Start of Exercise material

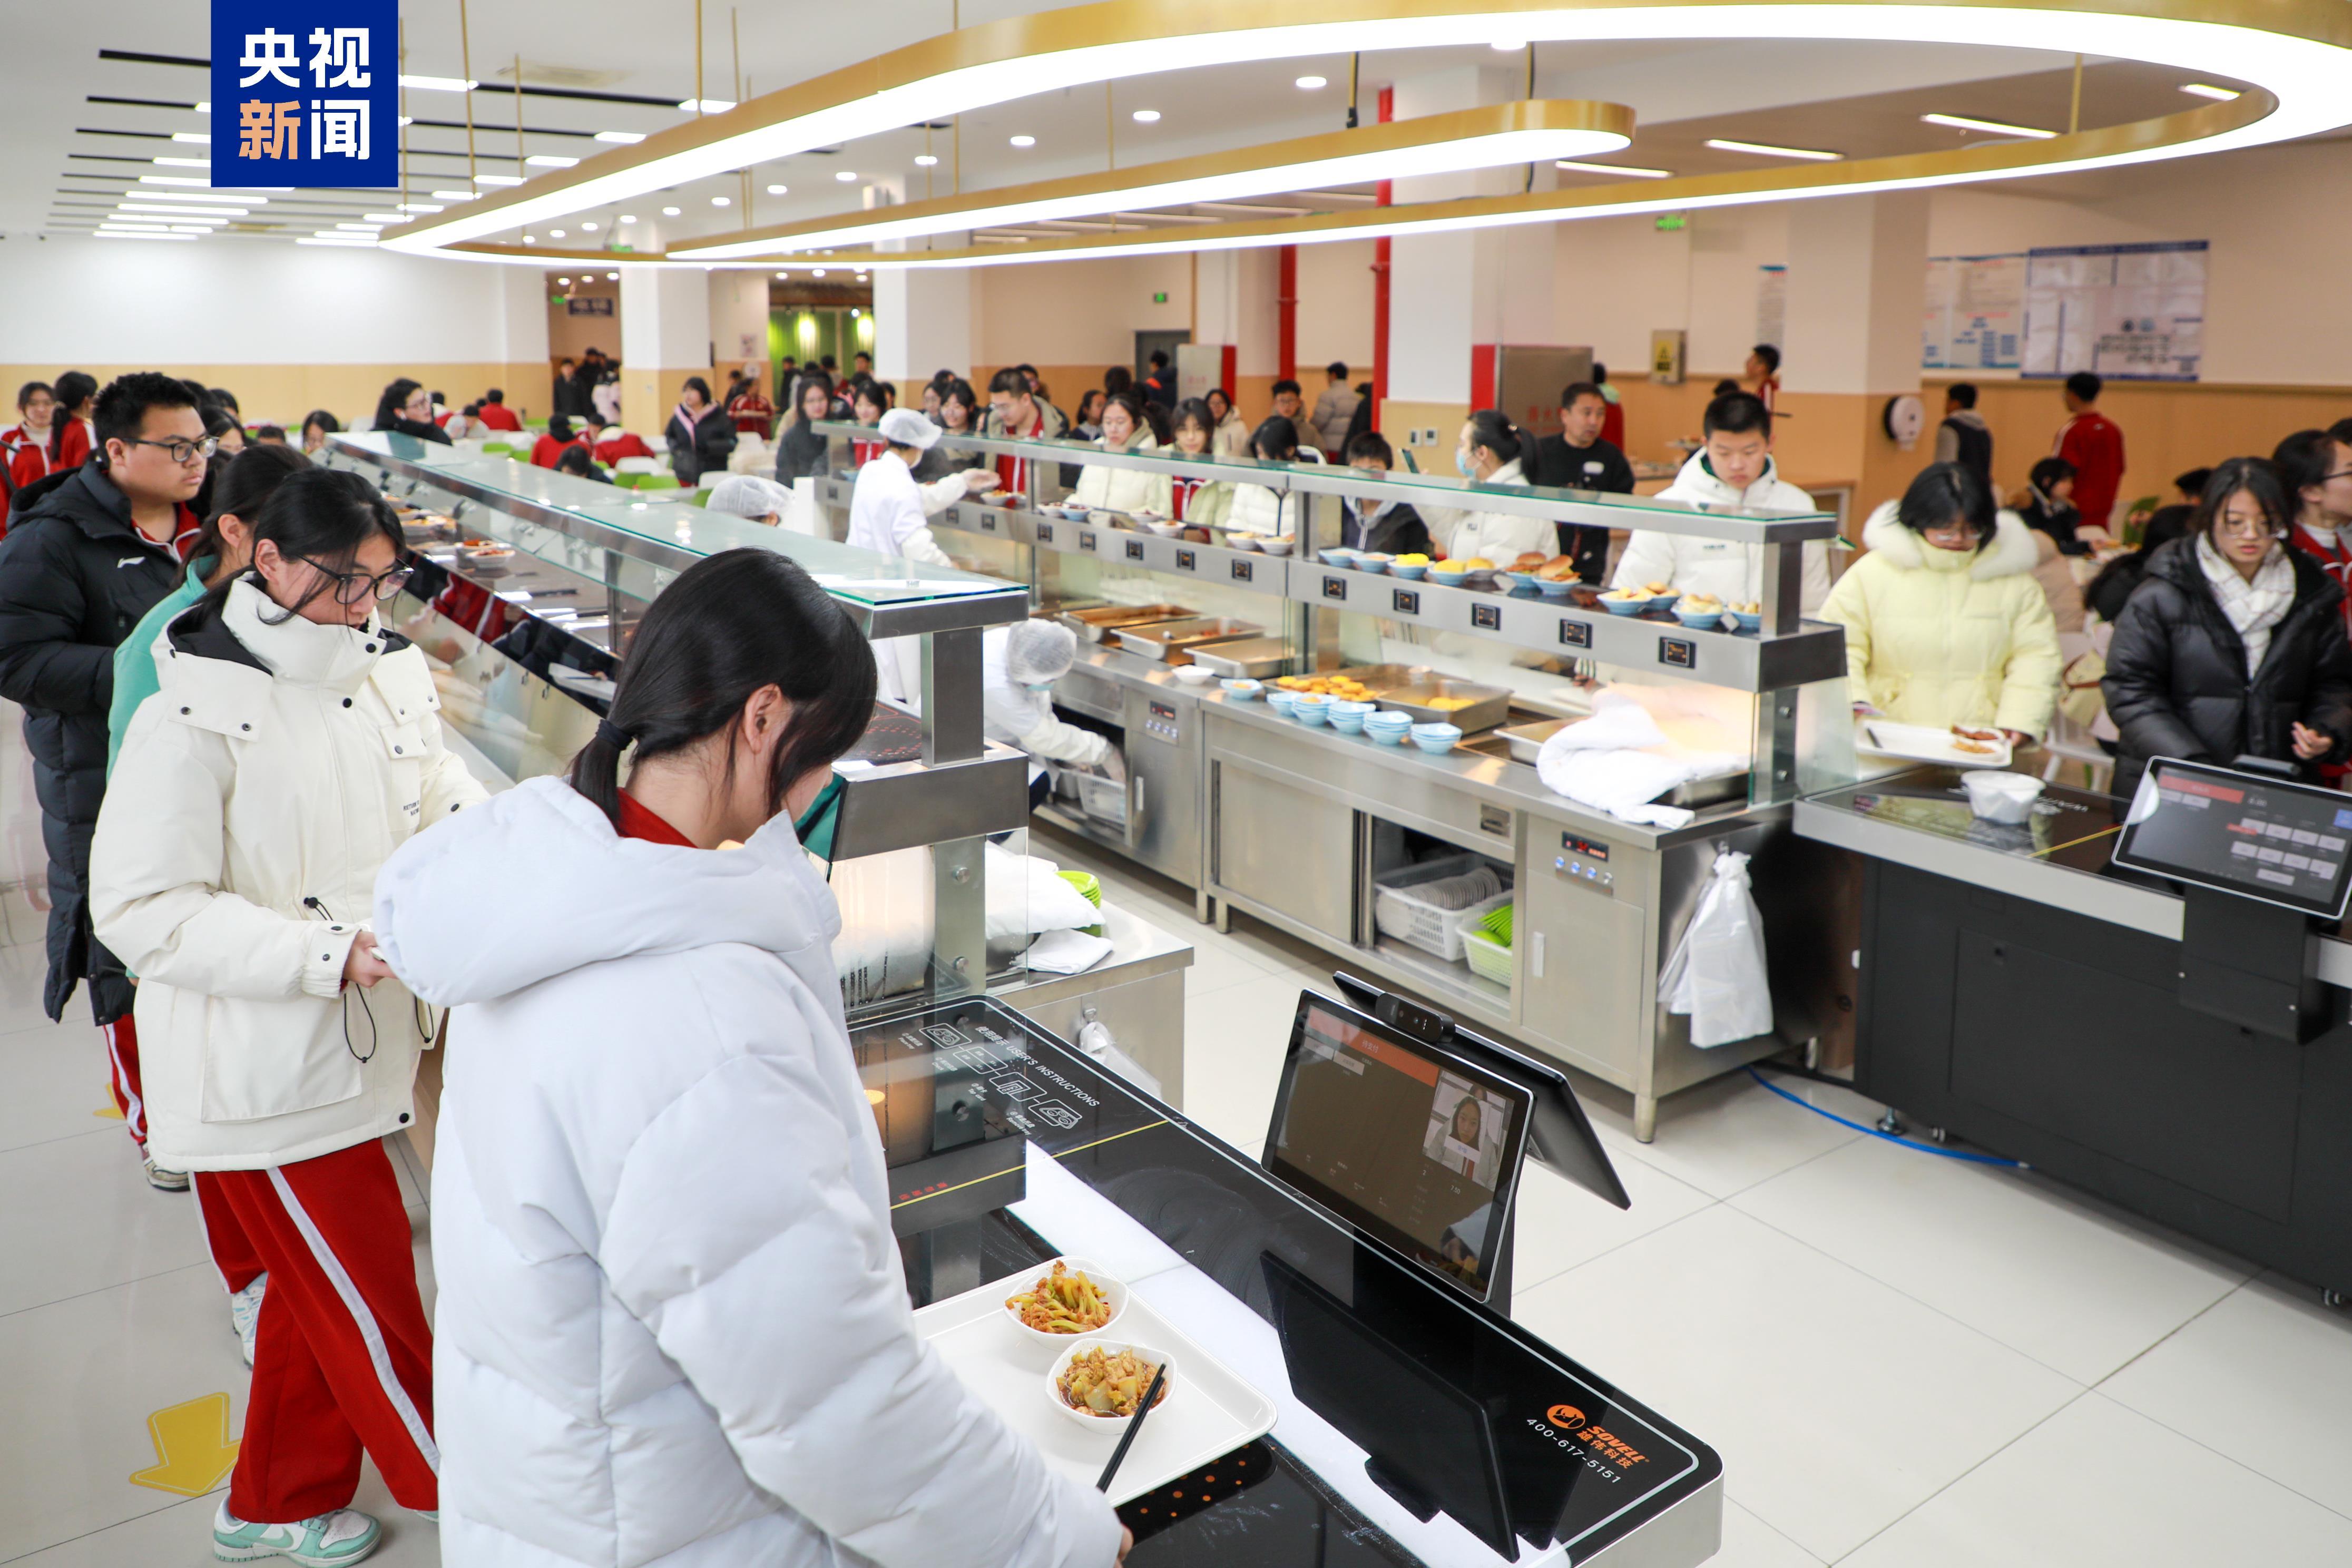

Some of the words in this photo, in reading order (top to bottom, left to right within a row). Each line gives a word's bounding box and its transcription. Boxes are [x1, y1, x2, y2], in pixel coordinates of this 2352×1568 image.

[1361, 1040, 1379, 1054] 待支付
[975, 1026, 1010, 1046] 使用提示
[1006, 1045, 1038, 1066] USER'S
[1035, 1065, 1100, 1107] INSTRUCTIONS
[1006, 1117, 1024, 1130] Remove
[1450, 1184, 1461, 1195] 7.50
[1526, 1418, 1621, 1483] 400-617-5151
[1576, 1430, 1634, 1469] 雄伟科技
[1586, 1425, 1646, 1463] SOVELL
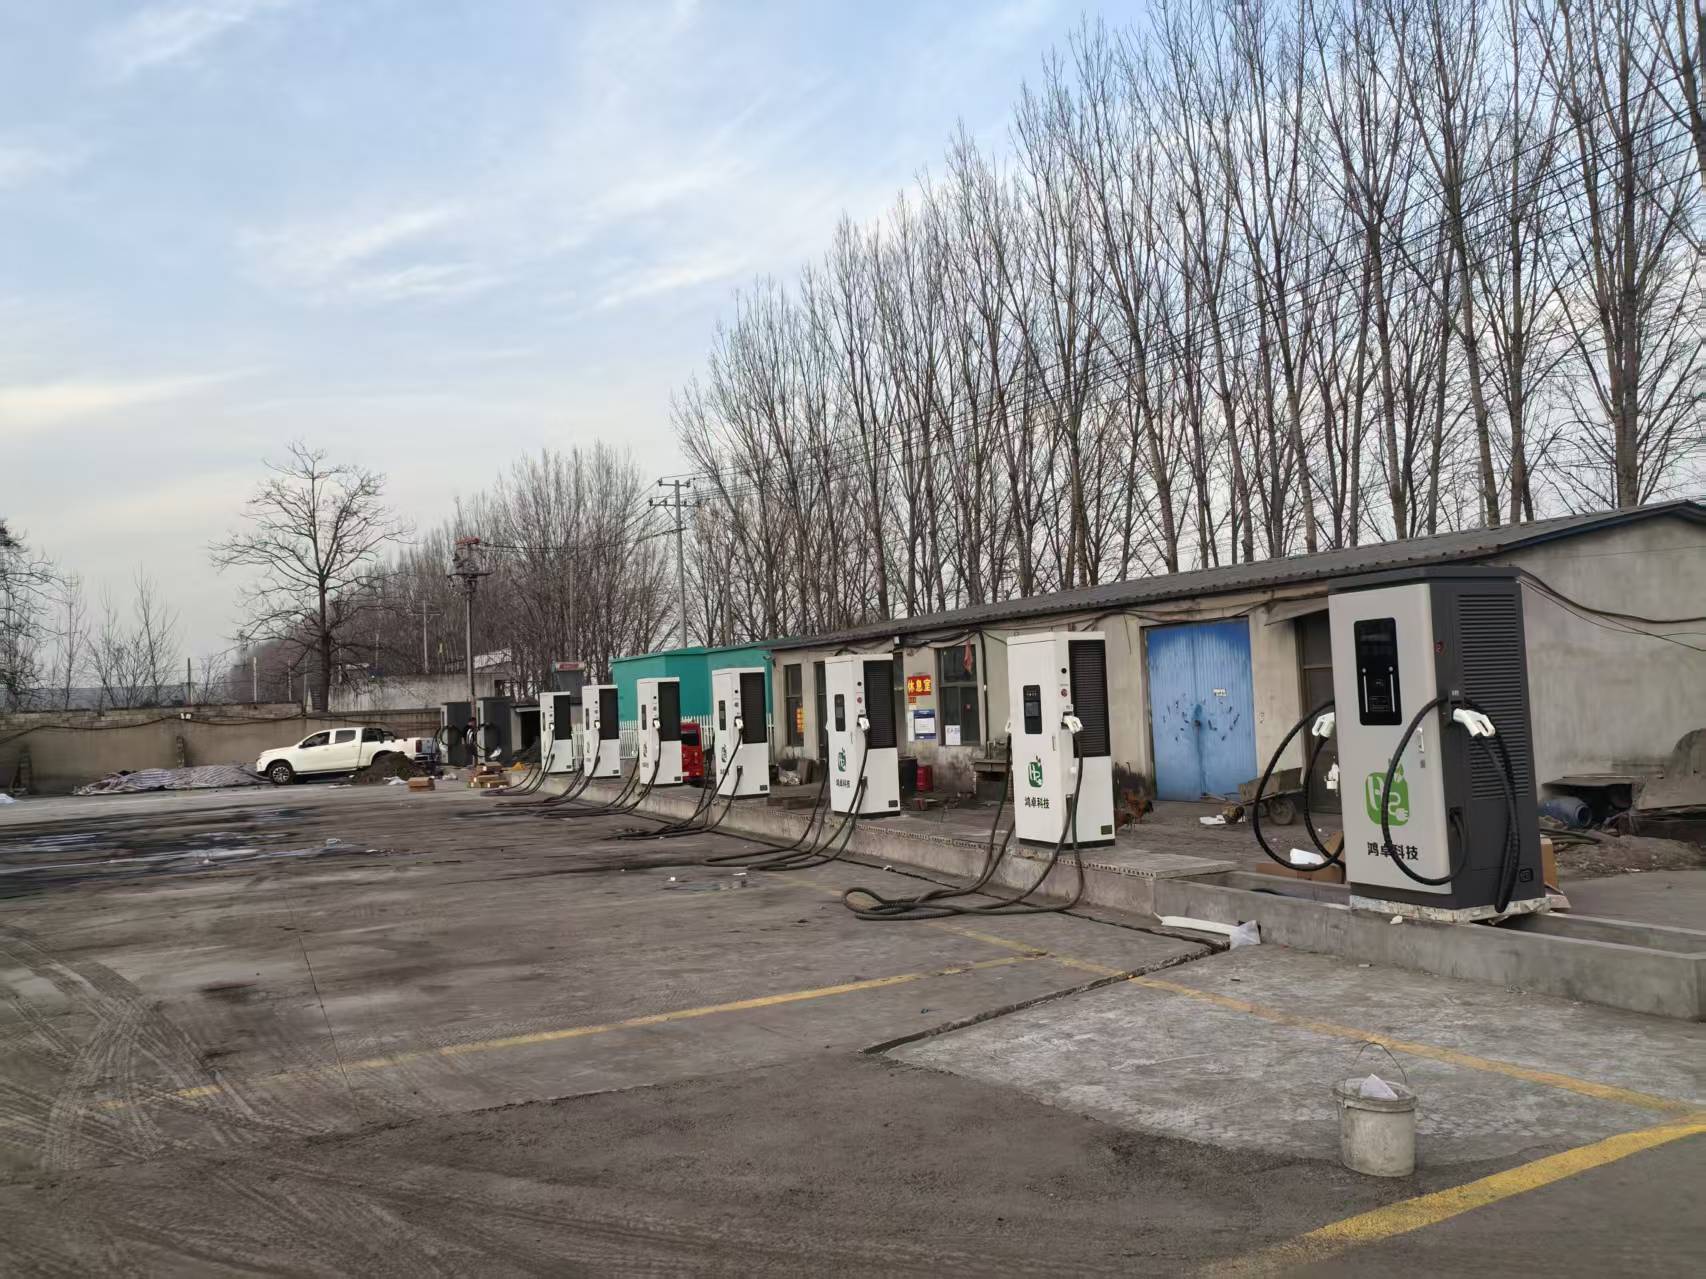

End of Exercise material

* Aim of the task *
From the first line to the last, transcribe the listing exactly; skip the pictures.

* Your response *
Some of the words in this photo, in reading order (top to bottom, left to right within a row). Each line gives a word's bounding box and its transcription. Boxes are [x1, y1, x2, y2], in pixel coordinates of this 2352×1568 image.

[1361, 1040, 1379, 1054] 待支付
[975, 1026, 1010, 1046] 使用提示
[1006, 1045, 1038, 1066] USER'S
[1035, 1065, 1100, 1107] INSTRUCTIONS
[1006, 1117, 1024, 1130] Remove
[1450, 1184, 1461, 1195] 7.50
[1526, 1418, 1621, 1483] 400-617-5151
[1576, 1430, 1634, 1469] 雄伟科技
[1586, 1425, 1646, 1463] SOVELL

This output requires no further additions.